週末に蕎麦打ちをしました。
オランダに来て7回目の蕎麦打ちです。
前回(6回目)までに感じていた改善点を意識したら、良い出来のそばが打てました。
⒈ 試行錯誤の繰り返し |
これまでに感じていた改善点は
・蕎麦が短くならないようにする
・打ち粉の問題を攻略する
の2点です。
オランダに来てから、日本で蕎麦打ちをしていた頃より蕎麦が短くなる傾向にありました。蕎麦の醍醐味は、ズズッと啜って喉越しを楽しむ点でもあります。
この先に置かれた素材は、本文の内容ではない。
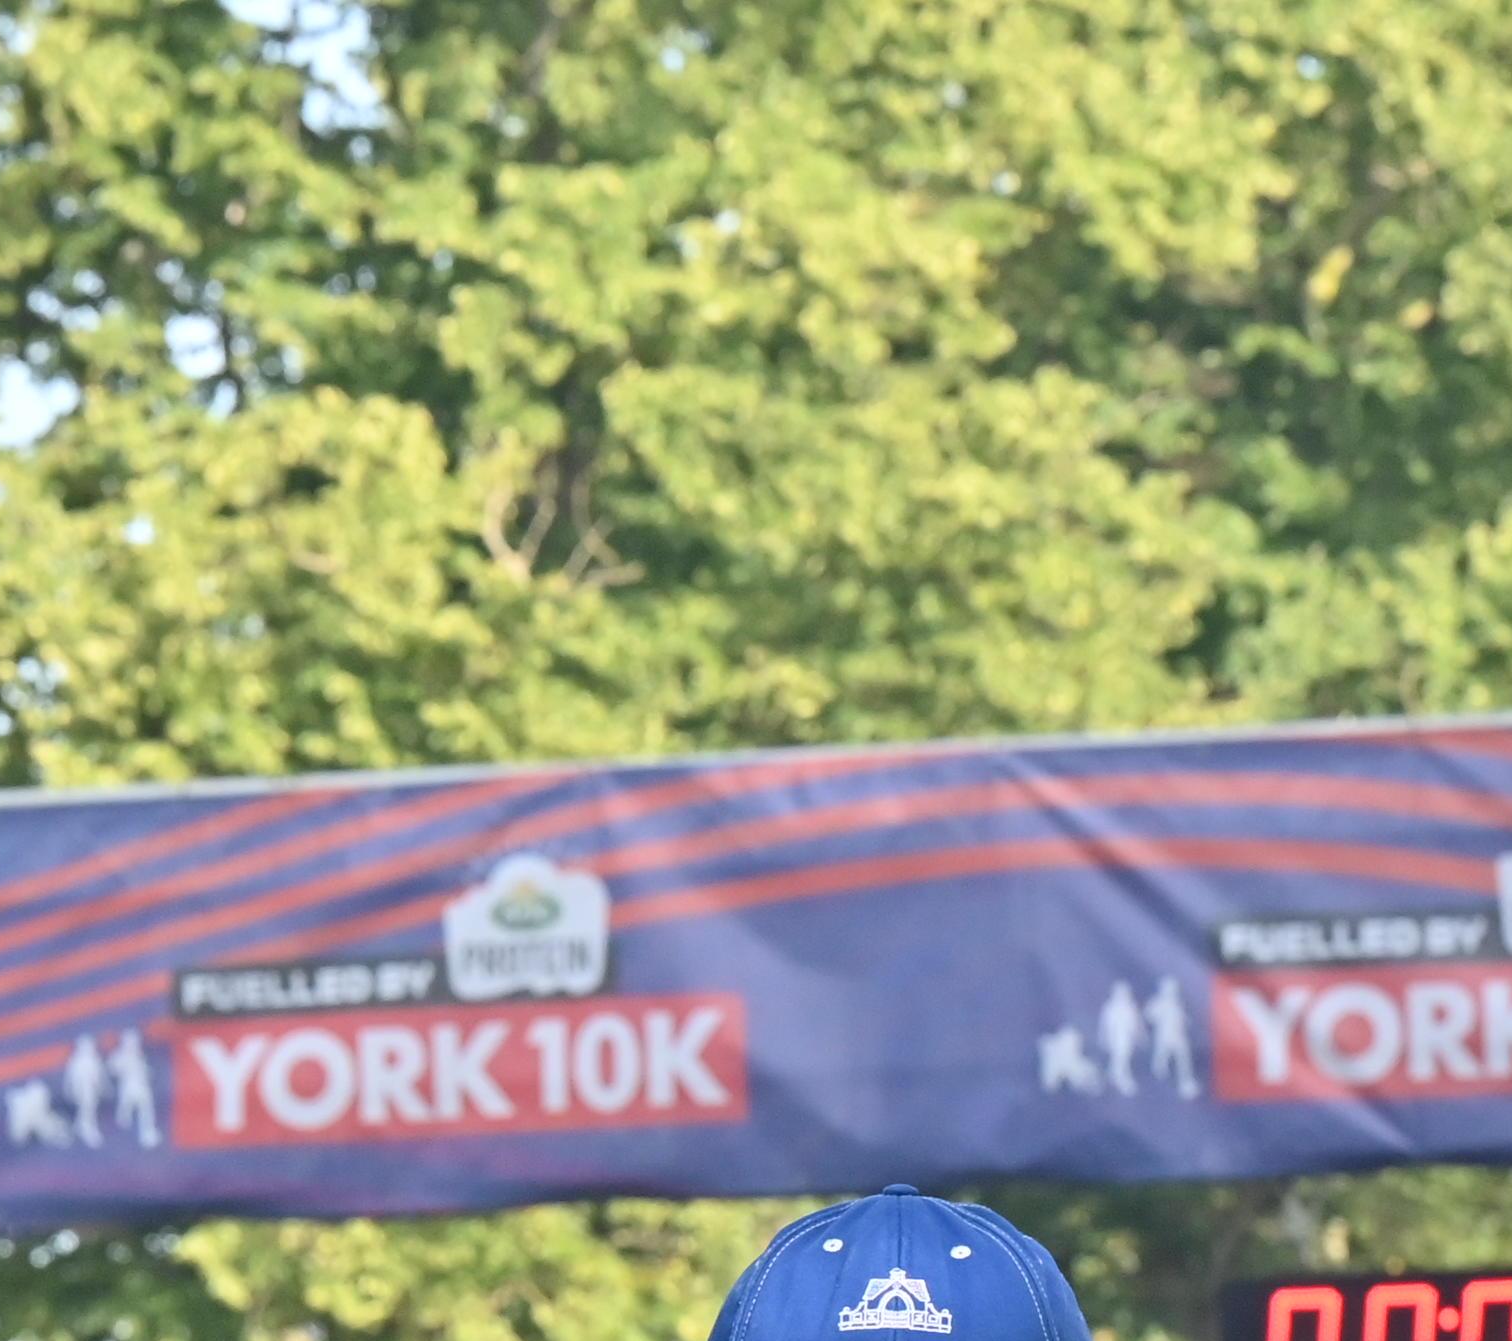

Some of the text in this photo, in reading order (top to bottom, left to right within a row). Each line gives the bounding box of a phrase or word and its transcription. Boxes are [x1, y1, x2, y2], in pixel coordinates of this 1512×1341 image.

[1220, 913, 1487, 962] FUELLED BY
[182, 961, 435, 1013] FUELLED BY
[192, 1007, 730, 1133] YORK 10K
そのためにはある程度長いそばに仕上げる必要があります。
また、オランダでも蕎麦粉をパンやガレットに使用するので、蕎麦粉自体は手に入ります。
しかし、打ち粉は手に入りません。
オランダには蕎麦打ちをする文化はありませんから当然と言えば当然です。でも打ち粉がないと蕎麦が打てません。
試行錯誤を重ねることにより、今回の蕎麦打ちではこの2点をクリアすることができました。
⒉ 打ち粉問題 |
打ち粉とは、蕎麦を打つ時に蕎麦生地がのし台や麺棒にくっつかないようにする、また摩擦を少なくする、蕎麦生地をたたんだり切ったりする時に、生地や麺同士がくっつかないようにするために振る粉です。
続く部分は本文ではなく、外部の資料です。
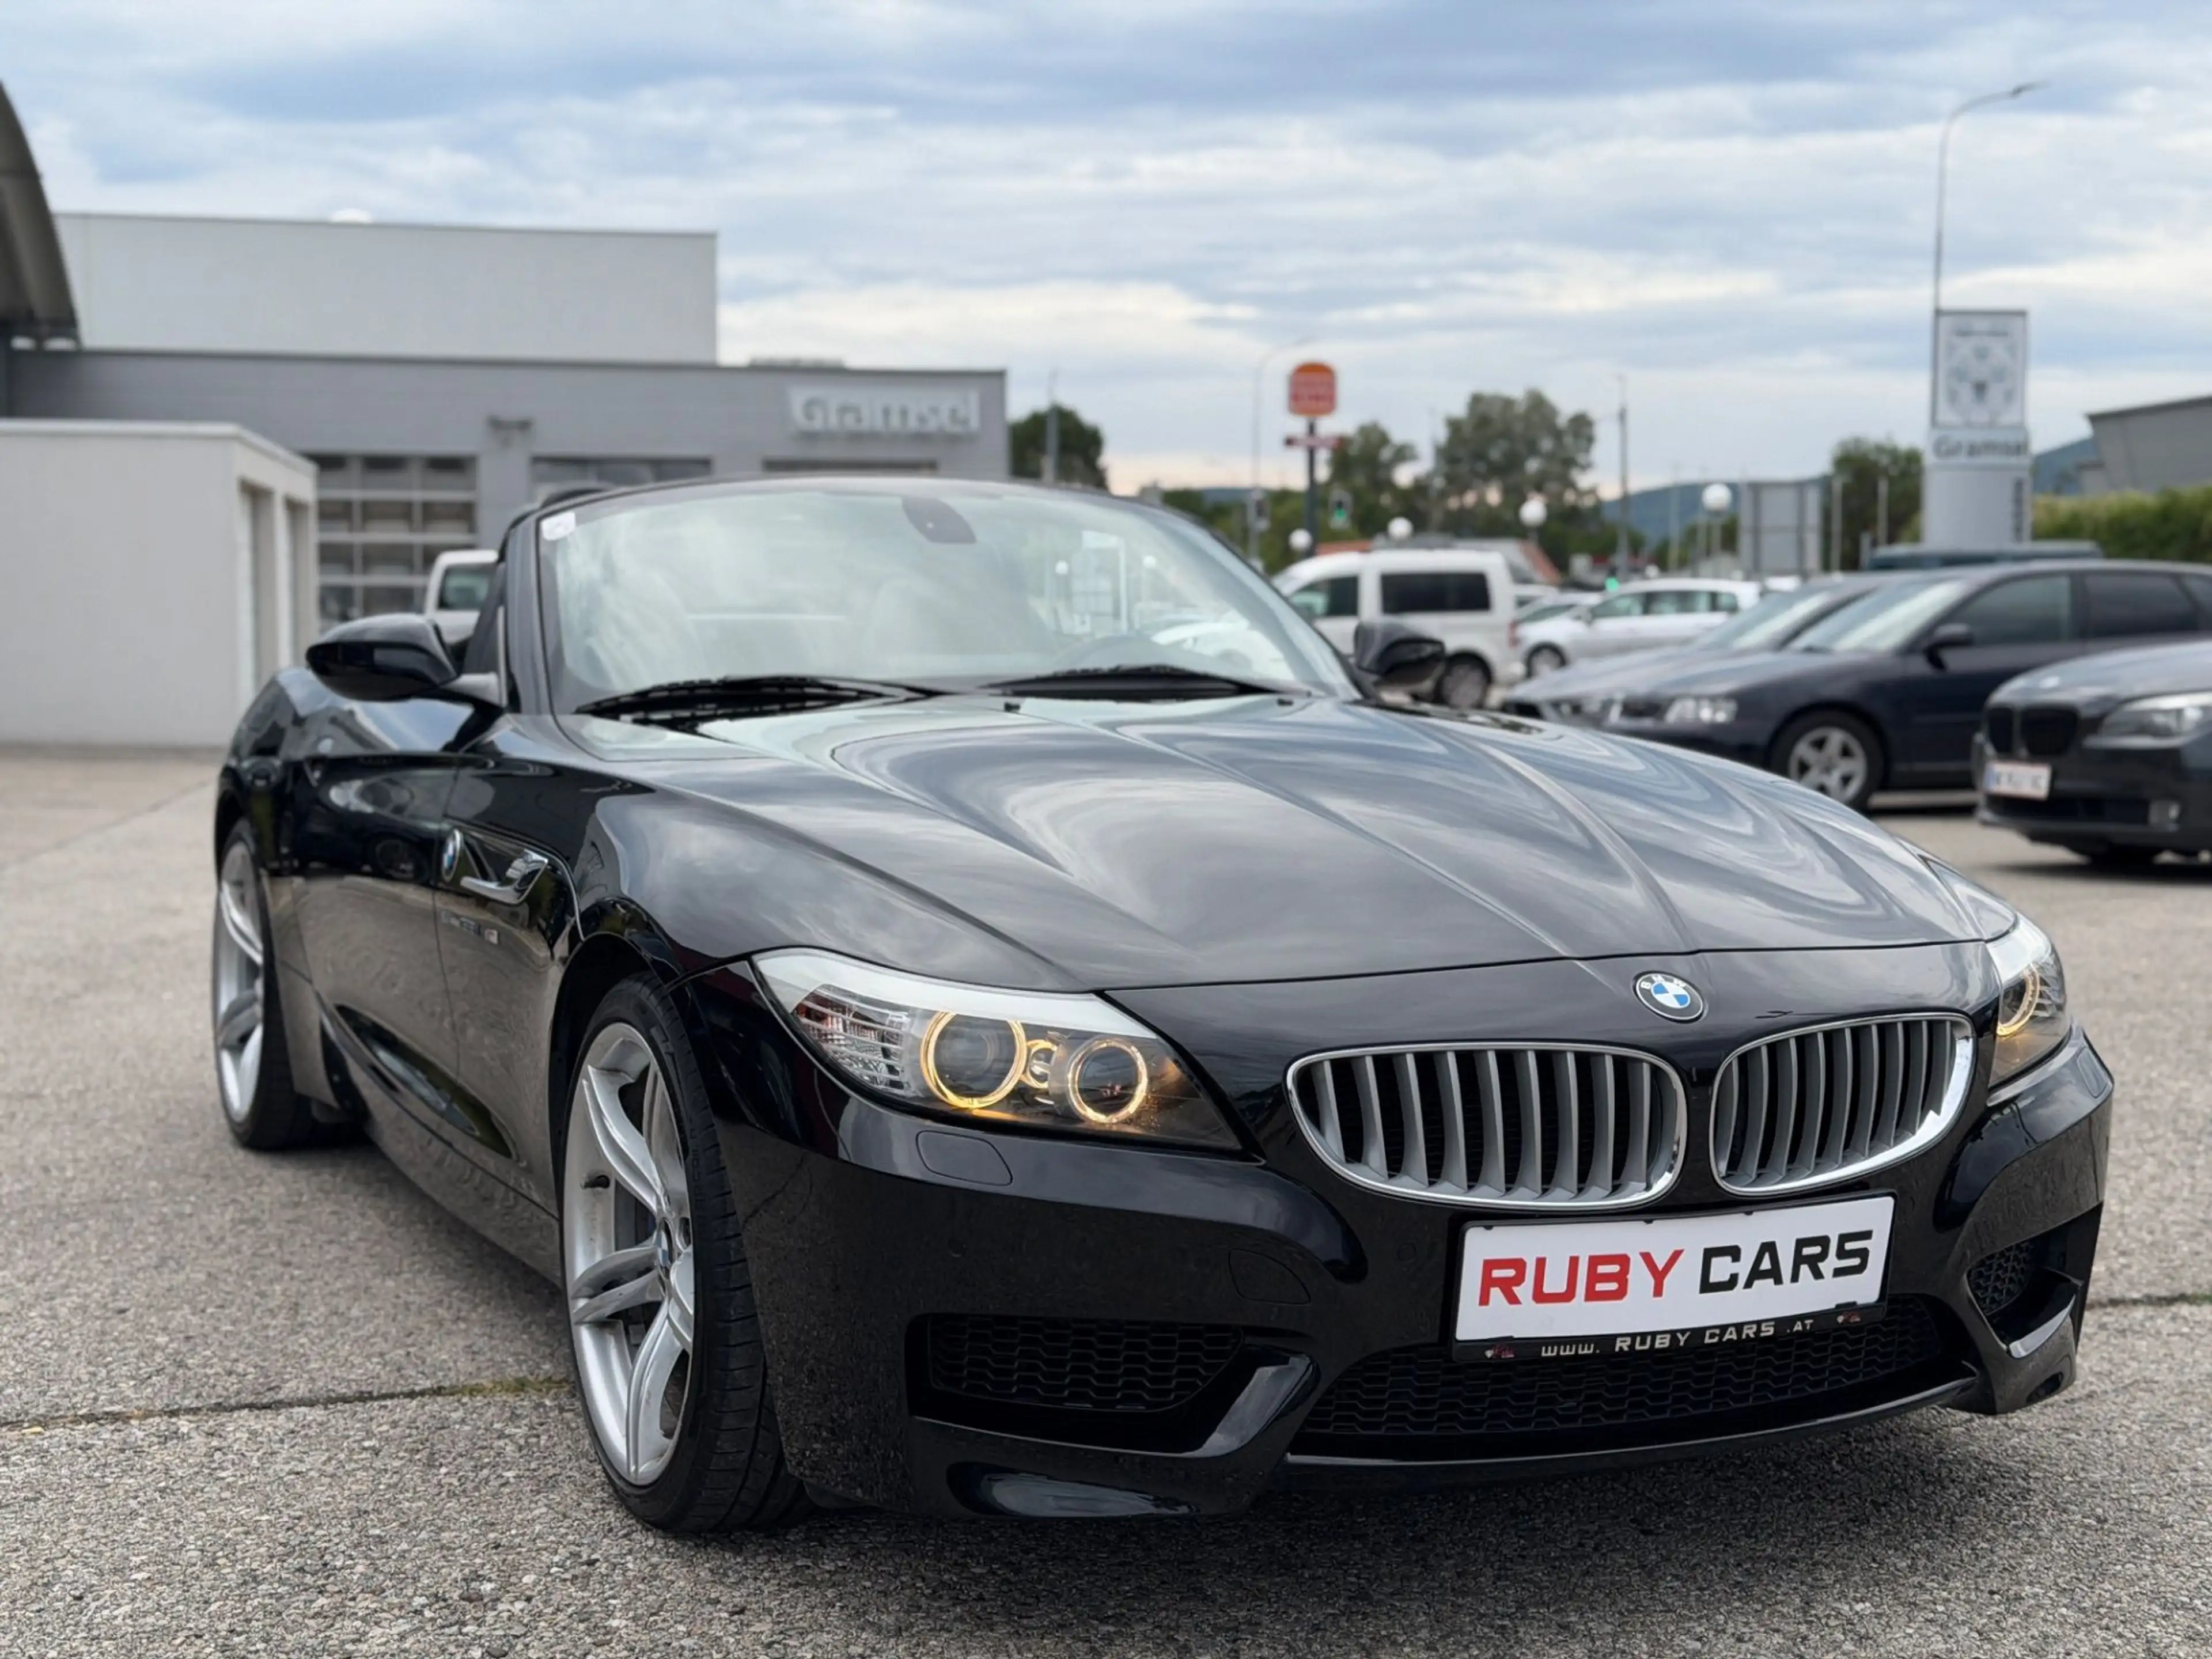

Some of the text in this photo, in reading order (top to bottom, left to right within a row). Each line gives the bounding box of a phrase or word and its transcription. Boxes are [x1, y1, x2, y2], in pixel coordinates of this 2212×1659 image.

[1478, 1229, 1874, 1306] RUBY CARS
[1614, 1331, 1691, 1352] RUBY
[1703, 1321, 1775, 1344] CARS
理想は、御膳粉というソバの実の中心部分を挽いた白いサラサラしたそば粉を打ち粉として使用します。
打ち粉は実に重要で意外に値がはるものなのです。
小麦粉や片栗粉で代用するという手もありますが、これらは湿気でベタつくし、茹でる時に湯がもたつくのであまり好ましくありません。
普段は、日本のそば粉を手に入れる際に打ち粉もセットで購入するのですが、前回の蕎麦打ちの時に打ち粉を使用しているので今回はちゃんとした打ち粉がありません。
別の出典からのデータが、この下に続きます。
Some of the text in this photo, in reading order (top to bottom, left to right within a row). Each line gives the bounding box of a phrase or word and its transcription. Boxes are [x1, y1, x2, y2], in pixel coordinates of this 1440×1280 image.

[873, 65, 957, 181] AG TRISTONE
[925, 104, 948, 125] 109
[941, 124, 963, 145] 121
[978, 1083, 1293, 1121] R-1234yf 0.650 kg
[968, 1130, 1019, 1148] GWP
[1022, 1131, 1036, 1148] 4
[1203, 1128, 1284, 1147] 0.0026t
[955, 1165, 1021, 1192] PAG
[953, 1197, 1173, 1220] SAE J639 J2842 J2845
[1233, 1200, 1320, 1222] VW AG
以前、オランダで手に入るそば粉をそのまま打ち粉として代用しました。しかし、外皮を含んだ挽きぐるみの粉なため、粒子が大きい外皮が含まれています。延しの工程で指が擦れて痛くなりました。
そこで今回は、オランダで手に入るそば粉を目の細かい篩でふるって、キメの細かい蕎麦粉だけを取り出しました。これを打ち粉として代用するわけです。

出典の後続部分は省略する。